Re: [Cfrg] Memory-efficient evaluation of data-independent memory-hard functions

Thank you for this post; the recent work in this area has been really
fascinating.

On Fri, Feb 12, 2016 at 11:12 AM, Joel Alwen <jalwen@ist.ac.at> wrote:

> Hi,
>
> I thought some of you might be interested in Jeremiah Blocki and my
> recent paper that just appeared on eprint
> (http://eprint.iacr.org/2016/115). It complements the recent work on
> data-dependent MHF (i.e. scrypt) by instead focusing on data
> *independent* MHFs (e.g. Both Catena functions, Argon2i, all three
> Balloon Hashing functions, etc.). Some of you may find it relevant to
> recent discussion on the list about finding a password-hashing standard.
>
> In a nutshell we develop a new class of parallel evaluation algorithms
> for several rather general classes of MHFs (including all those I just
> listed) and show that the resulting memory complexity is a fair bit
> lower then one might hope for when allowing parallelism (like in an
> ASIC). Put differently, we give some better than hoped for
> time-memory-trade-offs by using parallelism to evaluate several
> instances of the MHF at once resulting in a low "Time X Memory" per
> instance. In other words just the kind of algorithm one might find
> useful for launching cheap(er) brute-force attacks on these iMHFs.
>
> >From a more theoretical perspective we also show a general lower-bound.

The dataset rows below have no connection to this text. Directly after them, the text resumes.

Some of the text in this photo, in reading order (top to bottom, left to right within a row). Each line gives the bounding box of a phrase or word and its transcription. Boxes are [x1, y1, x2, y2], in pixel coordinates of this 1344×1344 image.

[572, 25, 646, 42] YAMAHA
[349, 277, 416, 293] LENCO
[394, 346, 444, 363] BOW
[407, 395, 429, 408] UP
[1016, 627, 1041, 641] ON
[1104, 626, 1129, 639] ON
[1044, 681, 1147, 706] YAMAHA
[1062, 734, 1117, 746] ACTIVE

> It states that no data-independent MHF (say doing 1-pass over n memory
> blocks) can have even only Omega(n^2/log(n)) cumulative
> memory-complexity (let alone the Omega(n^2) which people have been
> shooting for up till now).
>
> So where do these results leave us? AFAIK the closest we've got to an
> iMHF with a proof for large memory-complexity is the iMHF in my paper
> with Vladimir Serbinenko. Unfortunately the construction is based on a
> recursively built graph. What that boils down to is that if we want to
> compute the incoming edges of a node (i.e. which blocks from memory go
> into the next call to the compression function H) the straightforward
> computation (unravelling the recursion) takes log(n) operations. But
> really we want constant time (say a single call to a compression
> function + a mod operation as in scrypt) as otherwise the throughput of
> any implementation is going to suffer. Also the proof only shows
> something like Omega(n^2/log^10(n)) (with probably nasty constants)

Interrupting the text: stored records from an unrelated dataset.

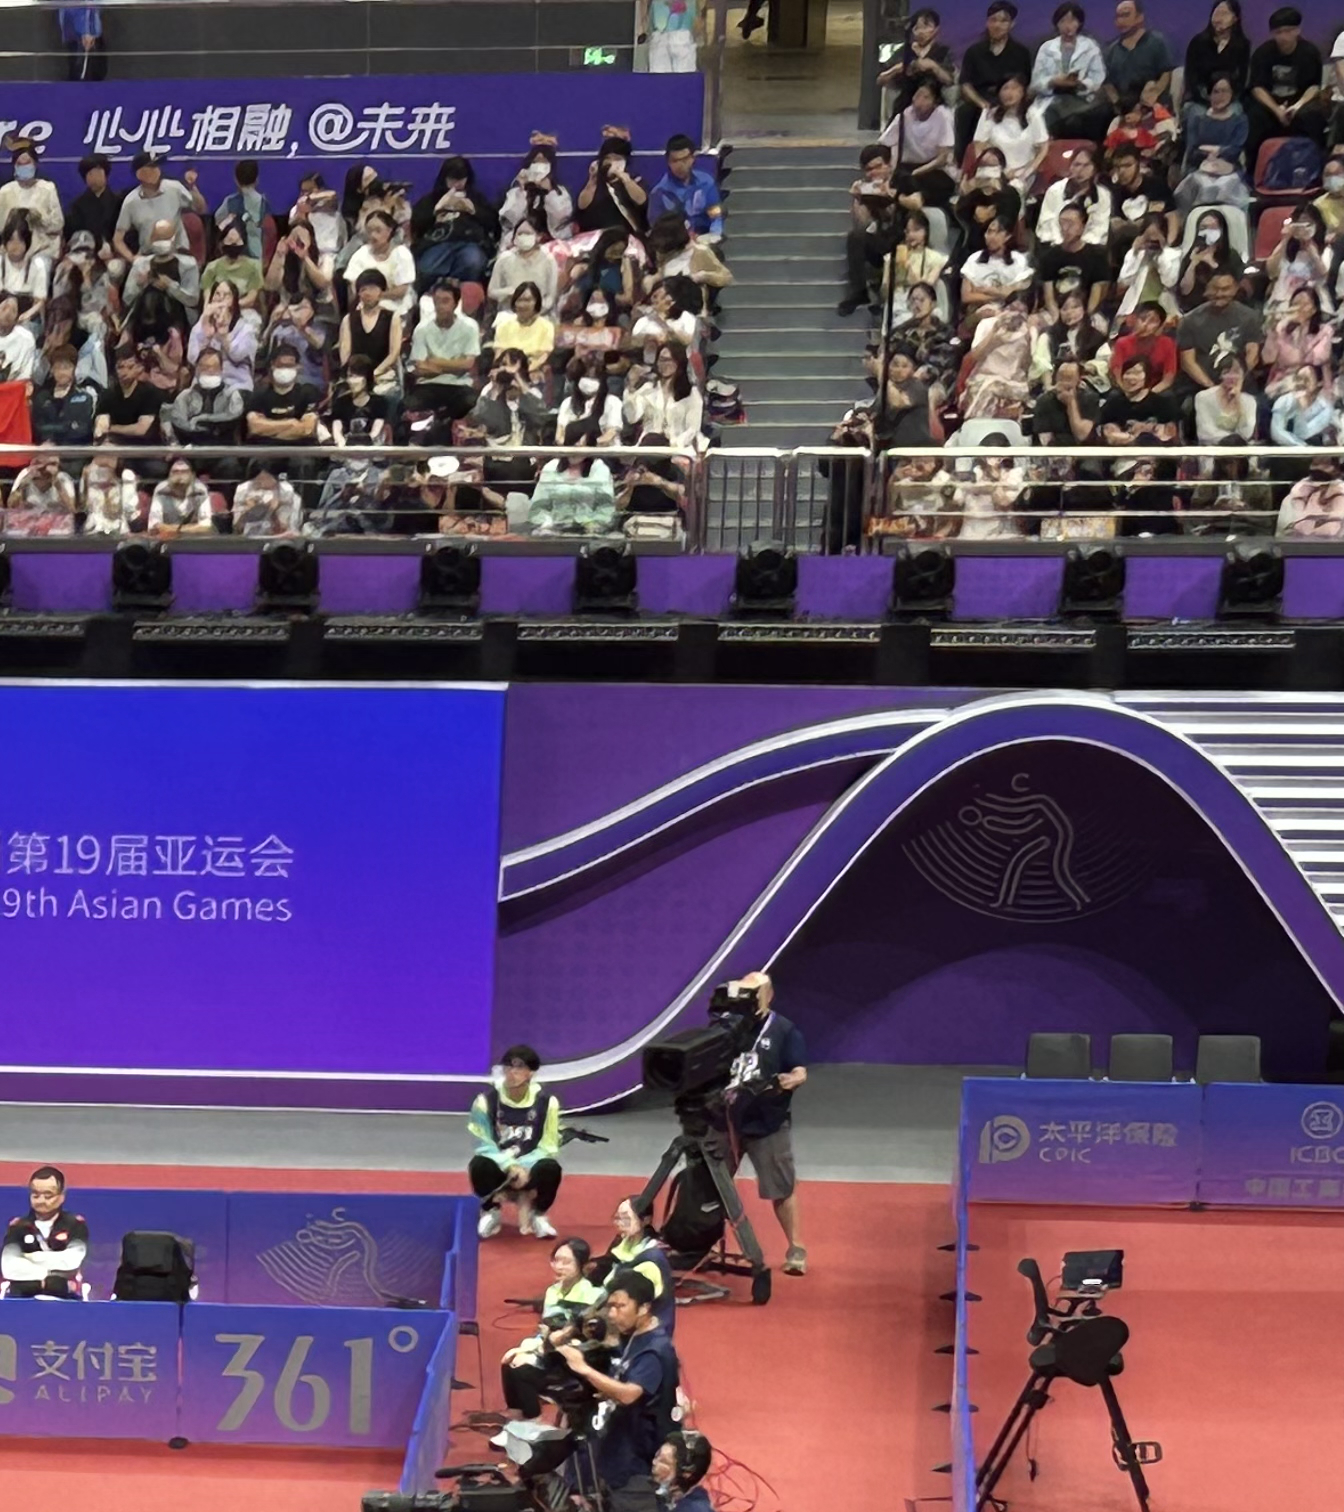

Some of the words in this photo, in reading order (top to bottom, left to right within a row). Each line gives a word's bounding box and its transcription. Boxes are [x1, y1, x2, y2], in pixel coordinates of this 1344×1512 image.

[68, 889, 162, 920] Asian
[173, 891, 293, 922] Games
[30, 1340, 157, 1383] 支付宝
[34, 1384, 152, 1404] ALIPAY
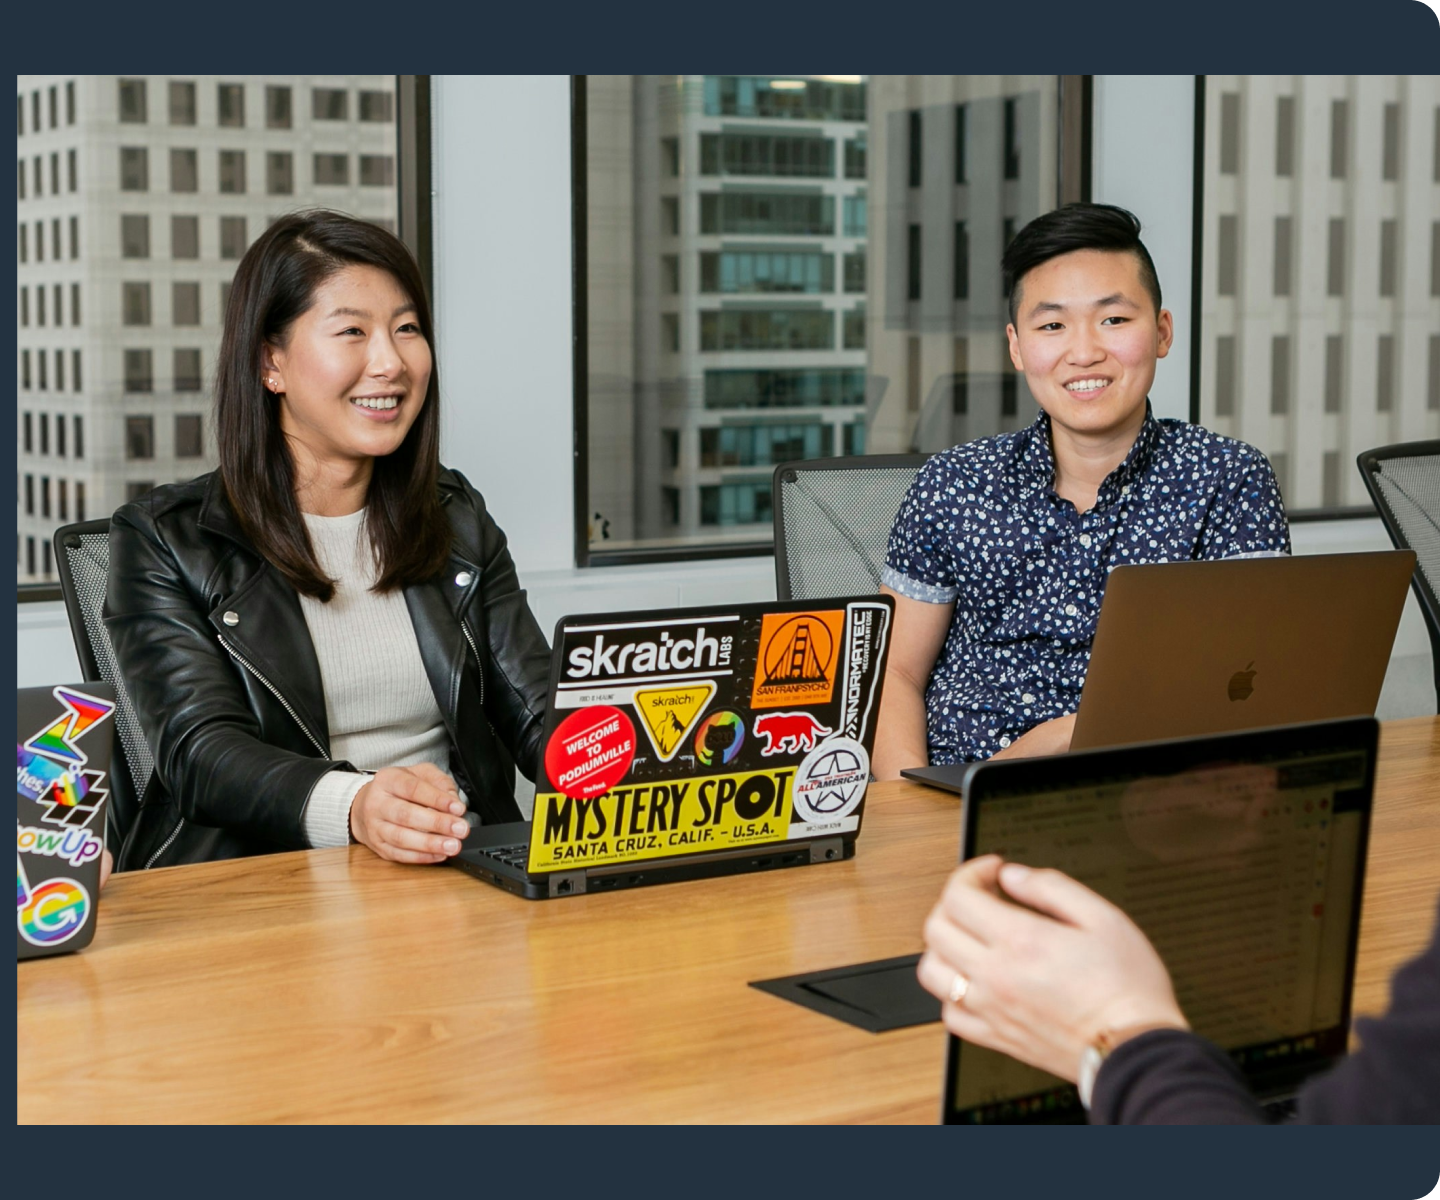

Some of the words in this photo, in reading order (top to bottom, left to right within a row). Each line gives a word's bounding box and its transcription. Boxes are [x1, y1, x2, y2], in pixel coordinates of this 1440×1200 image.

[567, 627, 719, 678] skratch
[718, 635, 733, 666] LABS
[847, 611, 866, 713] NORMATEC
[652, 694, 691, 707] skratch
[756, 687, 773, 696] SAN
[566, 720, 620, 755] WELCOME
[586, 743, 602, 758] TO
[558, 739, 631, 786] PODIUMVILLE
[797, 783, 816, 793] ALL
[816, 773, 866, 789] AMERICAN
[543, 783, 690, 845] MYSTERY
[692, 771, 794, 827] SPOT
[17, 831, 99, 862] owUp
[553, 842, 608, 860] SANTA
[615, 835, 662, 852] CRUZ,
[669, 828, 714, 846] CALIF.
[733, 822, 775, 838] U.S.A.

> which is asymptotically way better then any of above mentioned iMHFs but
> actually pretty useless for practical parameters. I think its easy  to
> tighten the proof down to something closer to Omega(n^2/log^7(n)) but
> thats still pretty unsatisfactory and any way it doesnt help making the
> incoming-edges function easier to compute.
>
> Anyway I hope you enjoy the paper and that it provides a bit of fuel for
> thought. :-) If anything, IMHO it points out room for a lot more work in
> this area (both from a practical and theoretical point of view) before I
> would feel confident in proposing a standard for wider adoption.
>
> - Joel
>
>
>
>
> PS. What does the theoretical lower-bound mean for our search for a new
> password-hashing standard? What can we still hope for?
>
> Here are a couple thoughts about those questions.
>
> 1) Well, we can always just ignore it if we find an iMHF which no one
> manages to attack after a convincing amount of effort has been exerted.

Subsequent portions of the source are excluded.